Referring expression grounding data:

--------------------------------

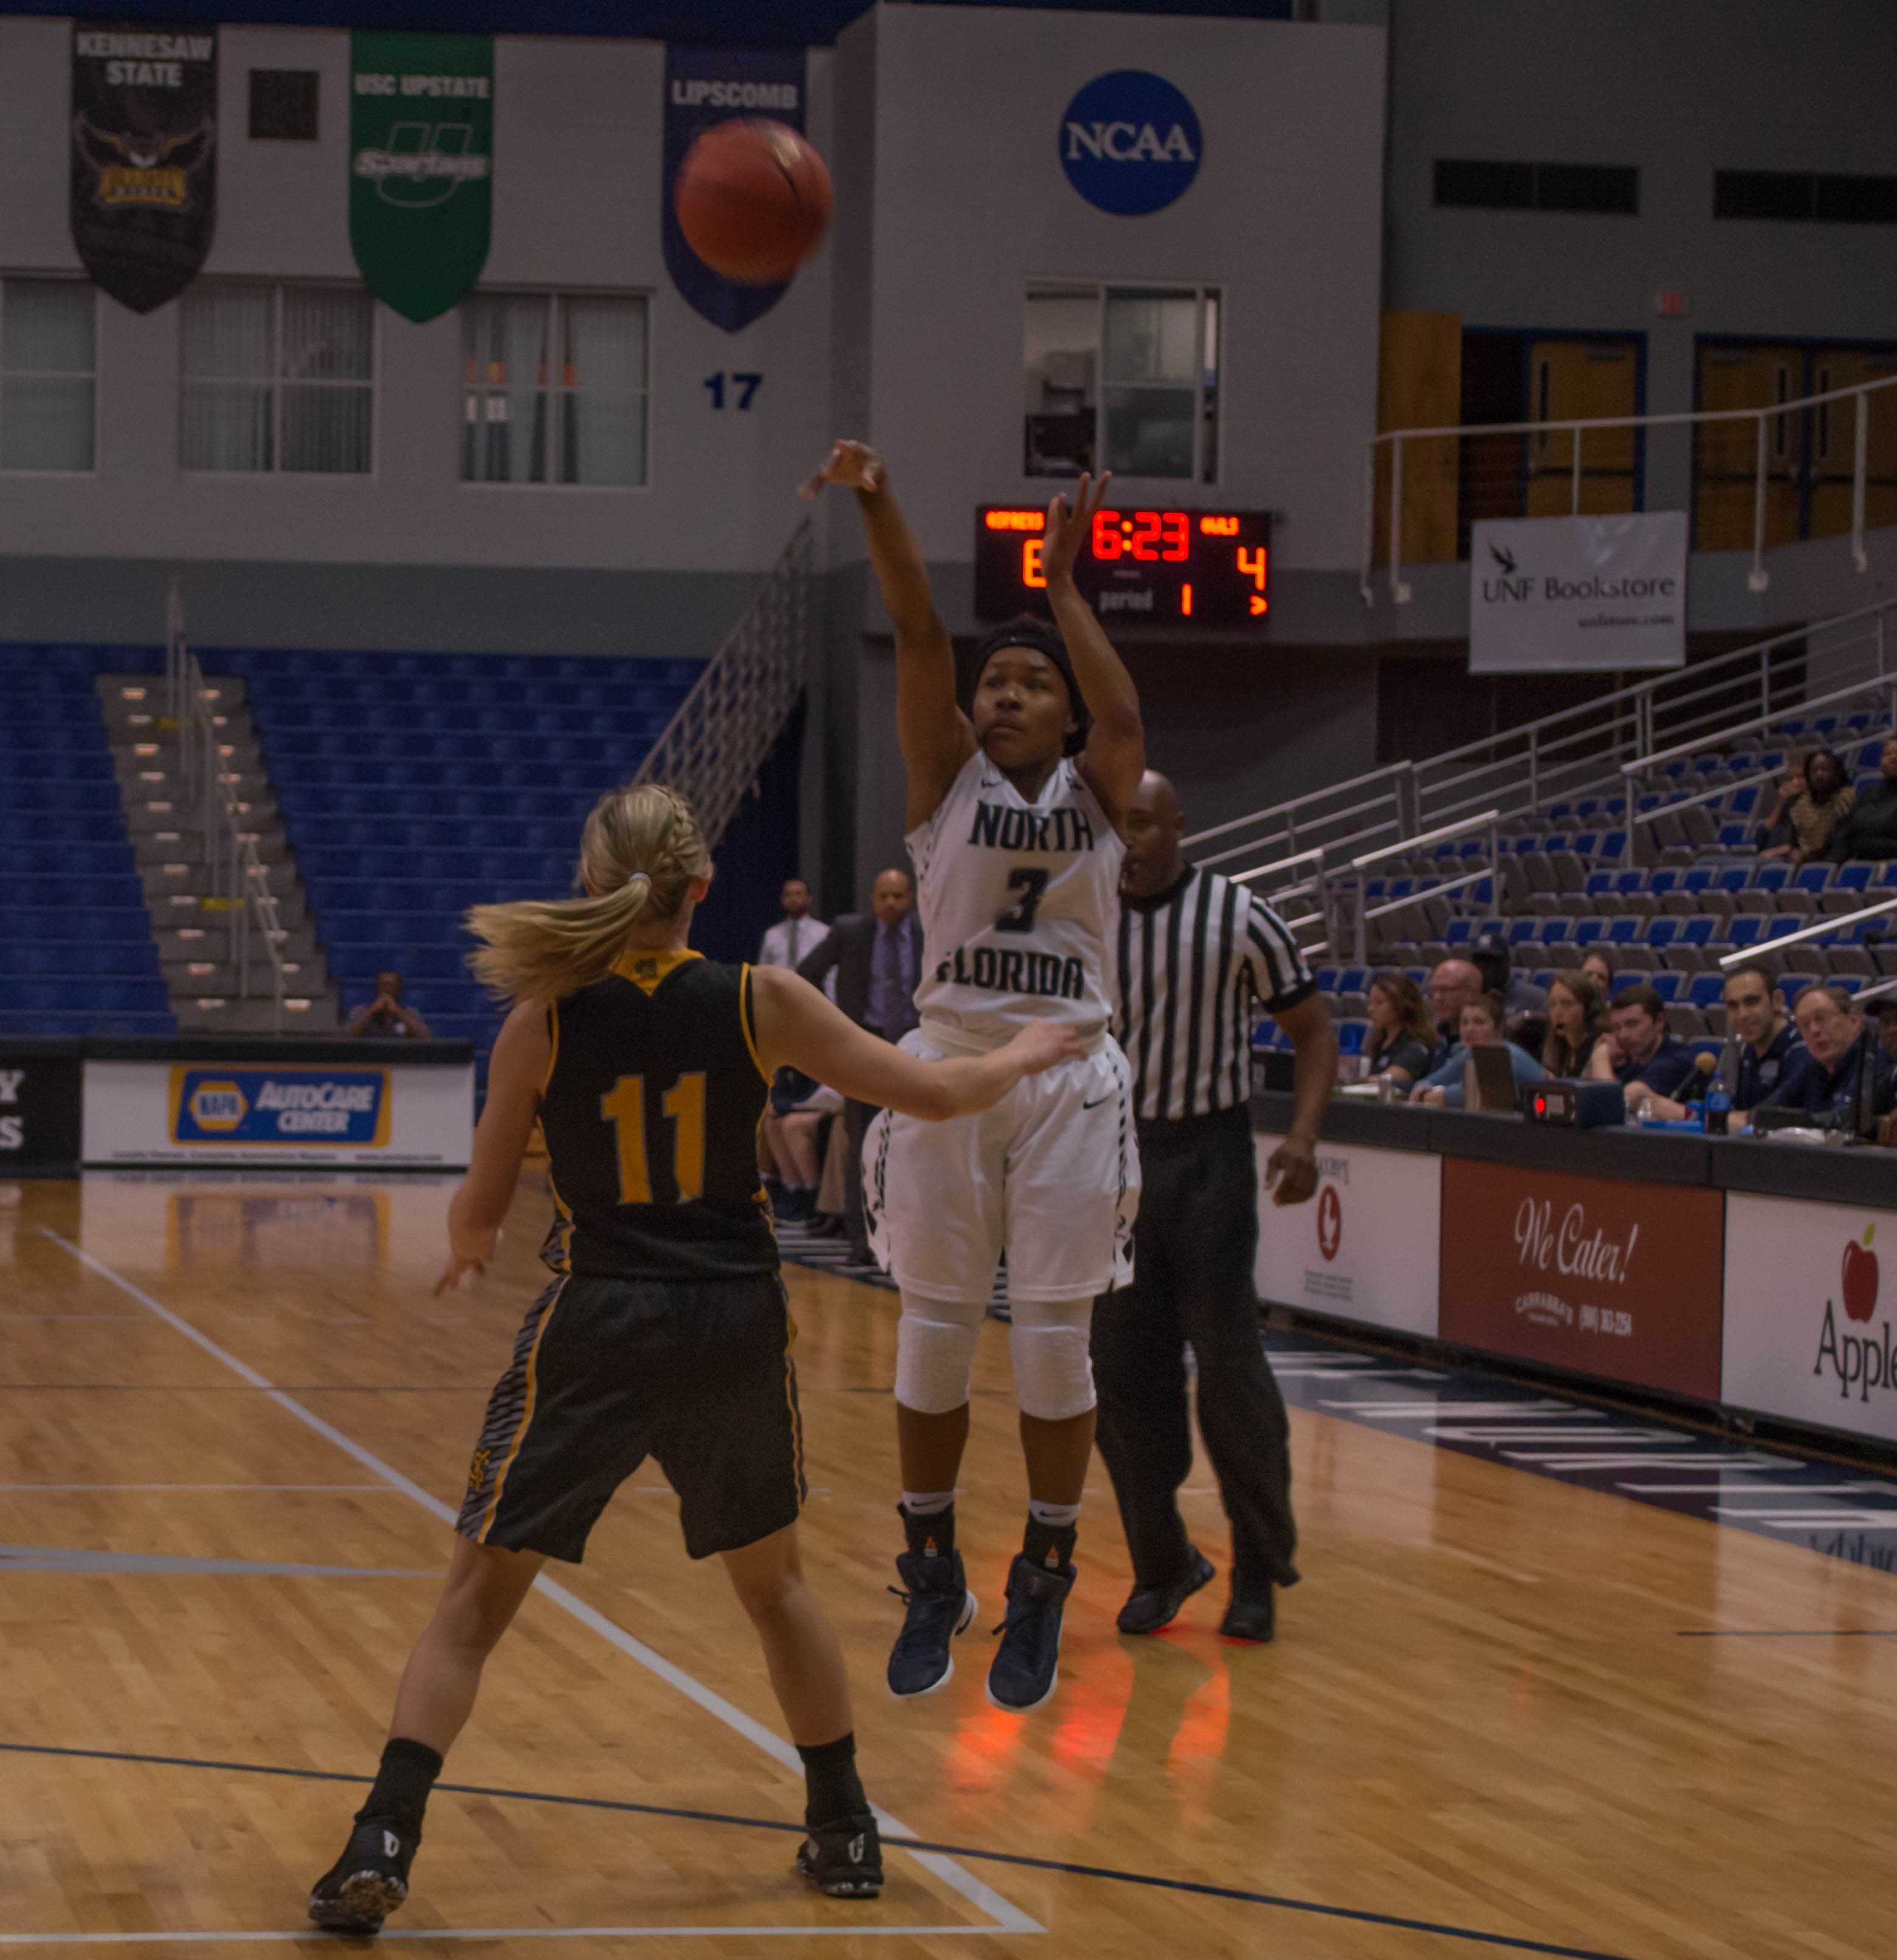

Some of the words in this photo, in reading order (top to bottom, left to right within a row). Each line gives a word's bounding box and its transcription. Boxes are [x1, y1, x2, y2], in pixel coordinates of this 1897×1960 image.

[77, 32, 213, 60] KENNESAW
[106, 60, 182, 86] STATE
[354, 73, 396, 95] USC
[399, 74, 490, 98] UPSTATE
[670, 79, 799, 109] LIPSCOMB
[1066, 121, 1195, 163] NCAA
[704, 372, 762, 409] 17
[1092, 509, 1190, 562] 6:23
[1236, 546, 1267, 591] 4
[1098, 587, 1154, 613] period
[1180, 582, 1194, 617] 1
[1483, 579, 1535, 603] UNF
[1545, 576, 1675, 602] Bookstore
[968, 800, 1093, 851] NORTH
[994, 867, 1049, 934] 3
[199, 1093, 238, 1116] NAPA
[277, 1110, 349, 1134] CENTER
[600, 1071, 706, 1205] 11
[1515, 1196, 1554, 1270] We
[1557, 1203, 1639, 1284] Cater!
[1814, 1299, 1897, 1403] Appl

--------------------------------

● **Aim of the task**: Extract every line of the data exactly; pictures stay out.

● **Task output**:
Some of the words in this photo, in reading order (top to bottom, left to right within a row). Each line gives a word's bounding box and its transcription. Boxes are [x1, y1, x2, y2], in pixel coordinates of this 1897×1960 image.

[77, 32, 213, 60] KENNESAW
[106, 60, 182, 86] STATE
[354, 73, 396, 95] USC
[399, 74, 490, 98] UPSTATE
[670, 79, 799, 109] LIPSCOMB
[1066, 121, 1195, 163] NCAA
[704, 372, 762, 409] 17
[1092, 509, 1190, 562] 6:23
[1236, 546, 1267, 591] 4
[1098, 587, 1154, 613] period
[1180, 582, 1194, 617] 1
[1483, 579, 1535, 603] UNF
[1545, 576, 1675, 602] Bookstore
[968, 800, 1093, 851] NORTH
[994, 867, 1049, 934] 3
[199, 1093, 238, 1116] NAPA
[277, 1110, 349, 1134] CENTER
[600, 1071, 706, 1205] 11
[1515, 1196, 1554, 1270] We
[1557, 1203, 1639, 1284] Cater!
[1814, 1299, 1897, 1403] Appl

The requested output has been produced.